Episode Transcript
This episode was recorded before the selection of the 2020 Sanford Lorraine Cross Award winner, Dr. Carl June.
Host (Simon Floss): Hello, and welcome to ‘Innovations,’ a podcast series brought to you by the experts at Sanford Health. You’re listening to our 18th episode, ‘Committing to a Cure.’ I’m your host, Simon Floss with Sanford Health News.
The practice of medicine goes far beyond clinic walls. The innovations podcast looks at the biggest issues facing healthcare today. Each episode offers the opportunity to see the ever-changing world of health and wellness through new eyes. Our leaders offer out of the box solutions to some nagging questions.
Today, we’re excited to be talking with Dr. Carl June. He’s the director of the center for cellular immunotherapies with the Perelman School of Medicine at the University of Pennsylvania. Dr. June has developed an FDA approved therapy to treat acute lymphoblastic leukemia or ALL. He’s also a 2020 Sanford Lorraine cross award finalist. Dr. June, it’s a pleasure to be talking with you.
Dr.

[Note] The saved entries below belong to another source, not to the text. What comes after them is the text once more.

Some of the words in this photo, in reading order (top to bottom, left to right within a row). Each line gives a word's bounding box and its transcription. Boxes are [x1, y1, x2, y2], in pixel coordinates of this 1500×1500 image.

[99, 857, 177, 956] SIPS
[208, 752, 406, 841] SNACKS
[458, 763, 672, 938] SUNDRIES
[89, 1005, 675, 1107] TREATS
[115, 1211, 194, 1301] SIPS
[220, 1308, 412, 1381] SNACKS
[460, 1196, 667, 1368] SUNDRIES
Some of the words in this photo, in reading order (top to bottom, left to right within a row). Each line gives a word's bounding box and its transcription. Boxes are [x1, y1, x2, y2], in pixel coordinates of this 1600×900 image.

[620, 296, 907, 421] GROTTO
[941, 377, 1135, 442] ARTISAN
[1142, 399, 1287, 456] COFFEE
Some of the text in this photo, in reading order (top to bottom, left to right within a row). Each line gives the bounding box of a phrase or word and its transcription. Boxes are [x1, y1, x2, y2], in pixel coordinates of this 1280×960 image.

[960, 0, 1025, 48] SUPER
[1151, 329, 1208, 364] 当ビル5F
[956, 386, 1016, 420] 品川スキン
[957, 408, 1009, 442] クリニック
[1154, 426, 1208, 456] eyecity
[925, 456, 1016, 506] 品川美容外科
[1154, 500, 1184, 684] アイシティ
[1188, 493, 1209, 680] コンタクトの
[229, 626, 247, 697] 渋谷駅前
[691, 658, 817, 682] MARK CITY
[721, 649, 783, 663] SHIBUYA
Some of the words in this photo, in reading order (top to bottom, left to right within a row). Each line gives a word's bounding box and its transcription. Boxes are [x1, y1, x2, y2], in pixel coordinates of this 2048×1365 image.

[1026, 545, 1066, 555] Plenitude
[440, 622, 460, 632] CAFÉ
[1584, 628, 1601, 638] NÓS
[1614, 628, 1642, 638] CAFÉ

June: Yeah, well, thank you. It’s a really a great privilege to be here.
Host: Let’s get to know you a little bit. Tell us about yourself and the work that you do.
Dr. June: So, you know, I trained in chemistry in college at the Naval Academy. Then, via Securitas route, ended up going into medicine. I became fascinated during my medical oncology training on how the immune system worked, because I saw examples of how it could go haywire after a bone marrow transplant. And, I saw the power of T-cells, which are the main part of our immune system that evolved to kill cancer. And I saw that at a time when we didn’t know how to grow T-cells even, or give them as a transfusion. So my initial entry into this field began back in the early 1980s, really with immunology as my goal to study the immune system.
Host: It might be a tough to answer the question or put into words, but since then, I mean, how much have you learned?
Dr. June: It’s been more than a 30 year journey, but first of all, we had to learn how to grow T-cells and that took about 10 years, because our therapy of making so-called CAR T-cells is the patient themselves starts the process by donating some blood. And then we actually made HIV, the virus that actually infects people and gives AIDS, a tool to reprogram the patient’s T-cells.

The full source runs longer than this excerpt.